Around this point in my ruminations, my thoughts hopped onto a different subject: my former house, and my current house. My old house was old; today, it is more than 110 years old. I loved the full timber beam that ran down the middle of the basement, the balloon framing, the original wavy glass windows. It was challenging to live in: 2 closets for the whole house, a layout meant for entertaining in another era, and a "modern kitchen & bath" that were over 50 years old (and remuddled at that). We waited to collect money to rebuild the front porch right; solid cedar columns, tongue & groove panelled ceiling, a hint of our personality in the rail baluster pattern. We did projects we could handle on our own -- ripping up carpeting to expose hardwood, stripping paint from moldings and linoleum tiles from a fireplace mantle, etc. --according to what revealed the house's innate beauty. We were still waiting for the right money to fix the kitchen appropriately, faithful to what that house called for, when we moved.
That house had personality, and earned my respect and devotion from the day I first slept in it. I still mourn leaving it. But...and this is the critical insight my latest dance with Mitsouko taught me...that house was not the best reflection of me.

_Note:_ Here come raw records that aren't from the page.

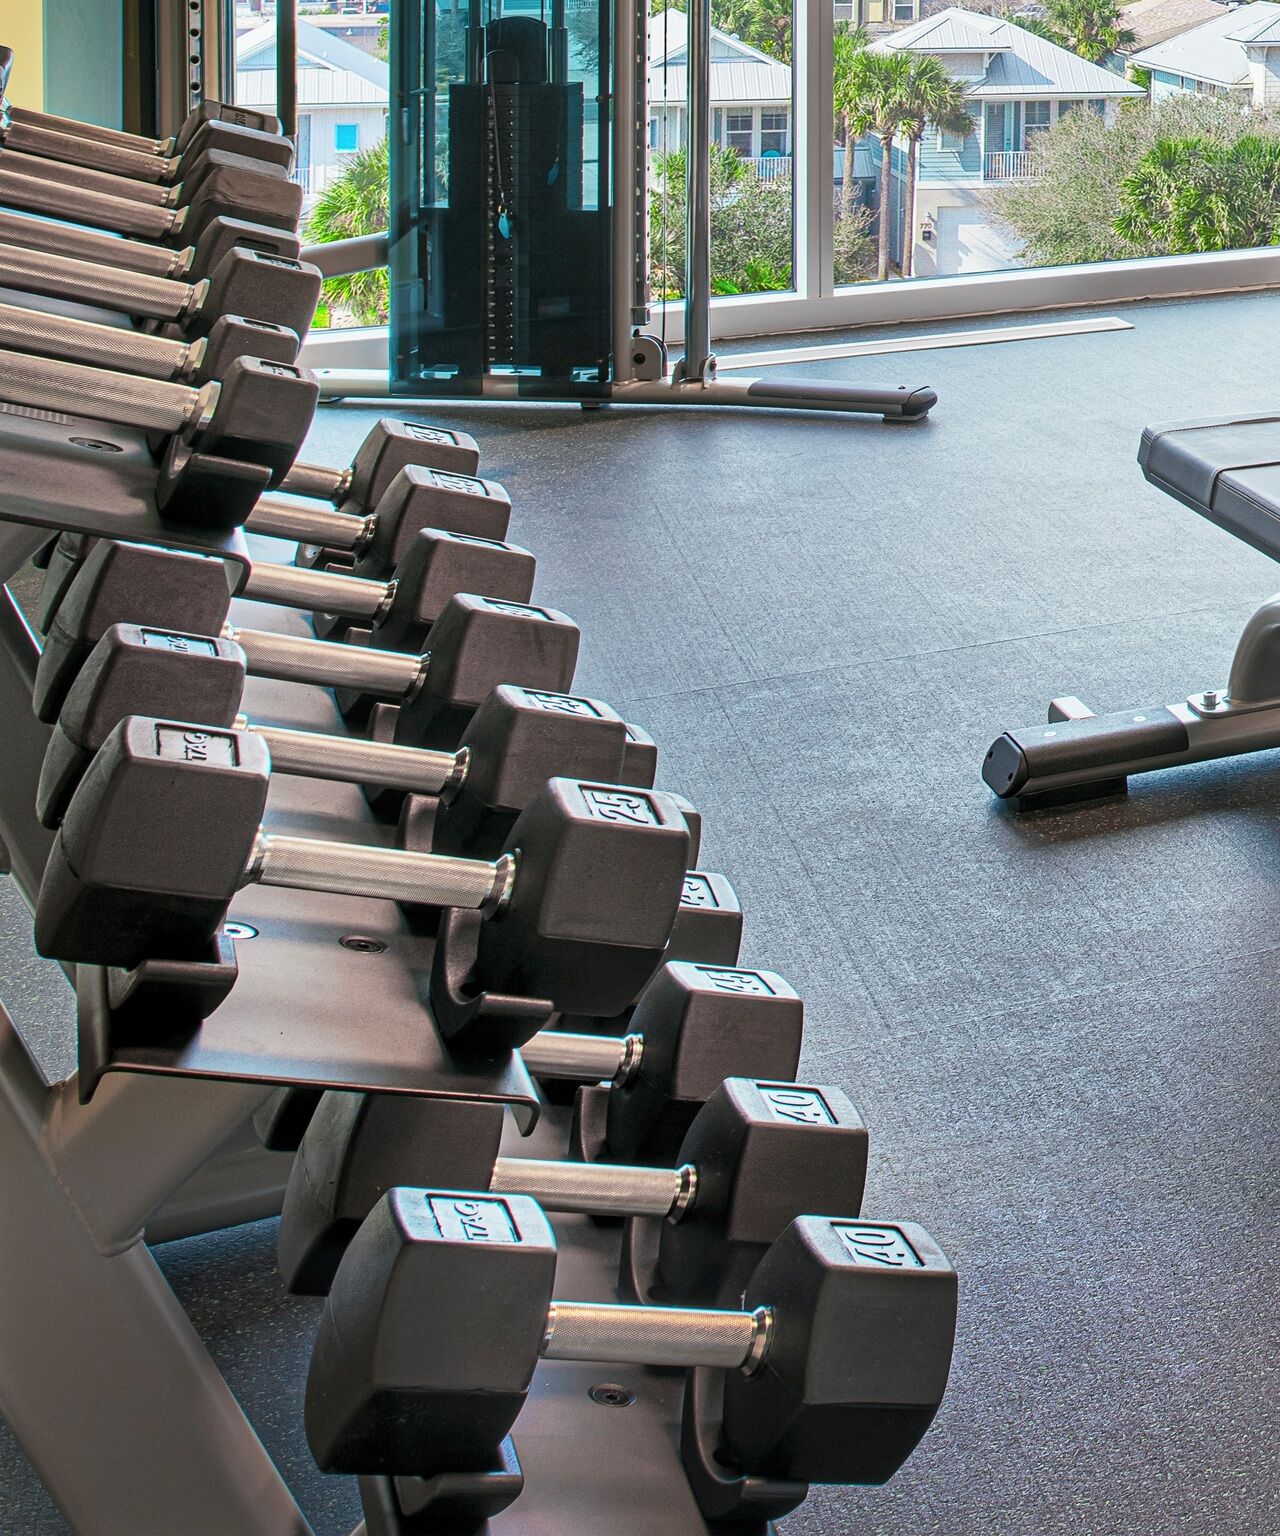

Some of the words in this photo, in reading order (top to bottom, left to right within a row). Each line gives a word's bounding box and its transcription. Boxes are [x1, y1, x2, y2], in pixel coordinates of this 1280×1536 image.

[534, 693, 590, 716] 25
[183, 731, 208, 761] TAG
[590, 792, 650, 824] 25
[704, 971, 761, 994] 45
[767, 1093, 822, 1124] 40
[453, 1202, 489, 1241] TAG
[844, 1230, 906, 1266] 40
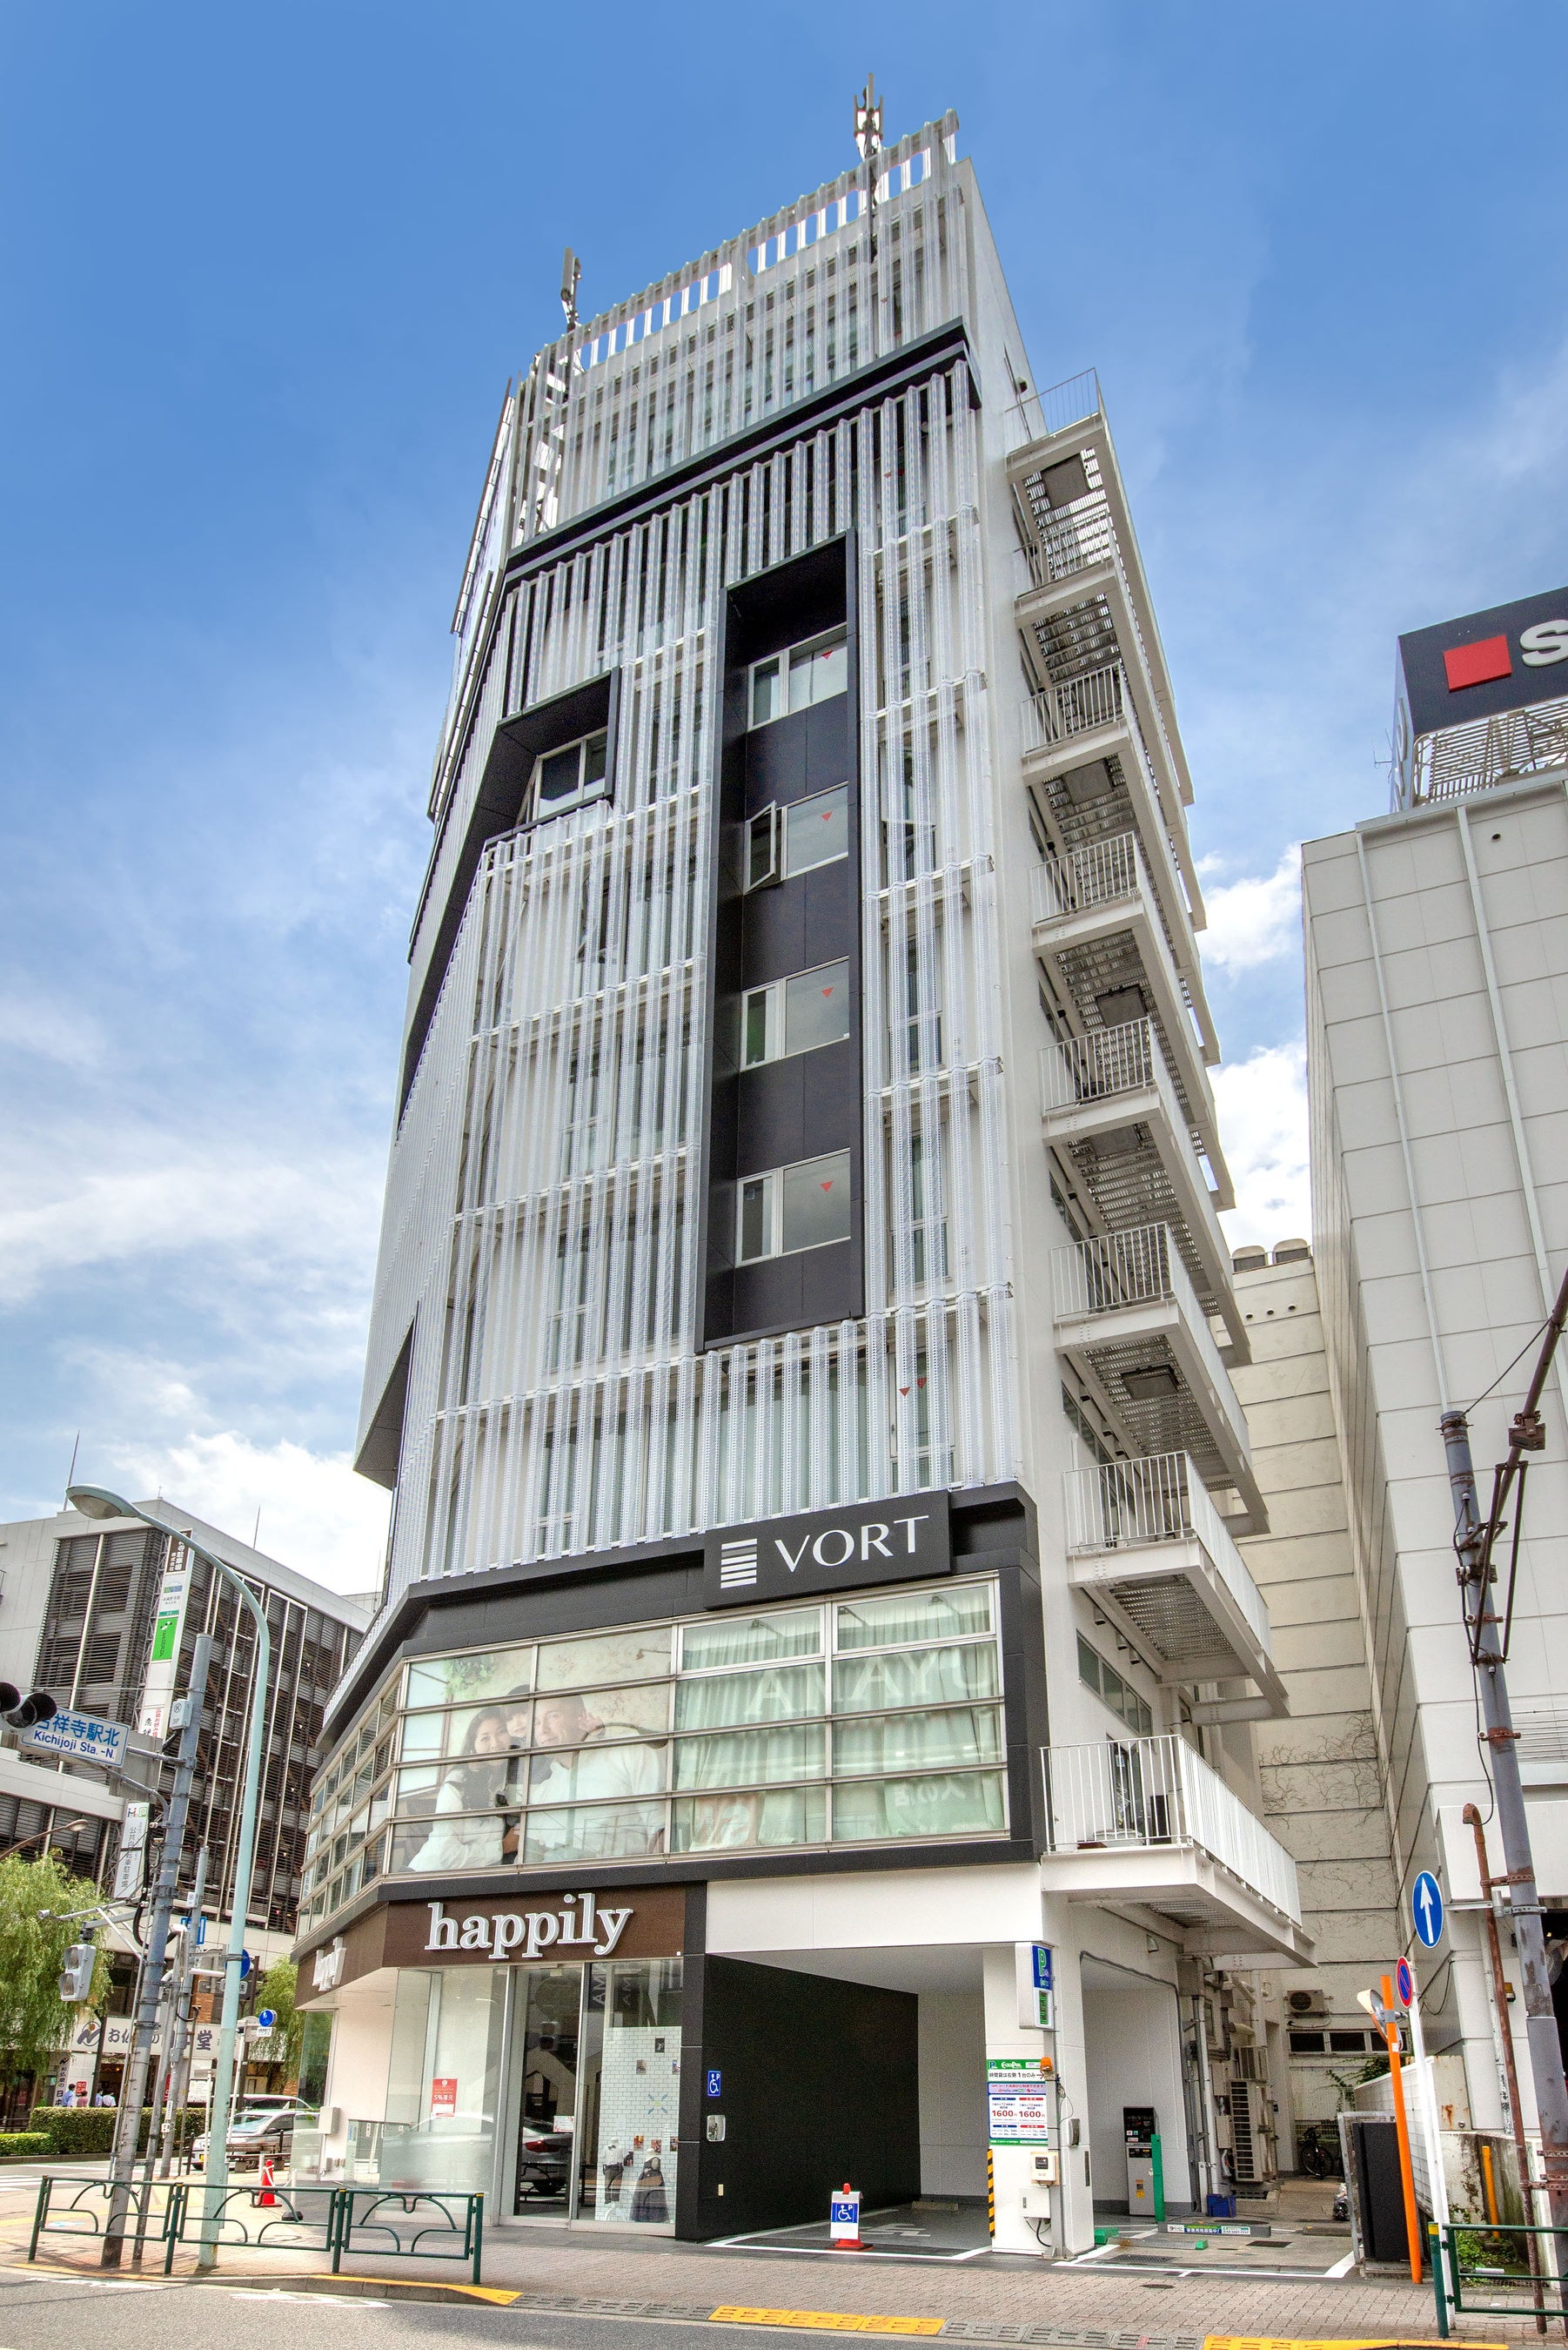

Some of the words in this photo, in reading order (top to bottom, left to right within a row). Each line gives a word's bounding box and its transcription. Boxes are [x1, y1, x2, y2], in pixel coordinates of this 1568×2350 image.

[774, 1514, 929, 1573] VORT
[34, 1729, 77, 1750] Kichijoji
[80, 1742, 98, 1755] Sta.
[425, 1892, 633, 1959] happily
[1038, 1948, 1047, 1977] P

The architecture I currently inhabit, for all I bemoaned it, reflects the actual me more than I cared to admit. Friends of mine saw this long before I did. I dismissed the new house; I was disappointed by what it didn't have that the old house did. I had spent so much time making sure the old house was honored that I fit myself into it. And, it did reflect a layer of me. A few layers of me, in fact.
But this house I live in now, it is more honestly who I am. Can geometry reflect personality? I think so, even if I cannot explain how. An open floor plan, multiple levels visible from one spot, plenty of closets to store stuff, clean lines with the fussiness placed here and there but not something that need be edited at the very bones...this "landscape" is more me. I will defend, love, and admire the old house always. And it is a part of me. But it may not be most of me.
I will also do all that I can to preserve and protect a classic like Mitsouko. Folks should. But, truth be told, a more "modern" scent composition may be a better, fuller expression of who I am.
Time will tell.
(And I'll try to remember that the fruit might be just beyond where I am expecting to find it.)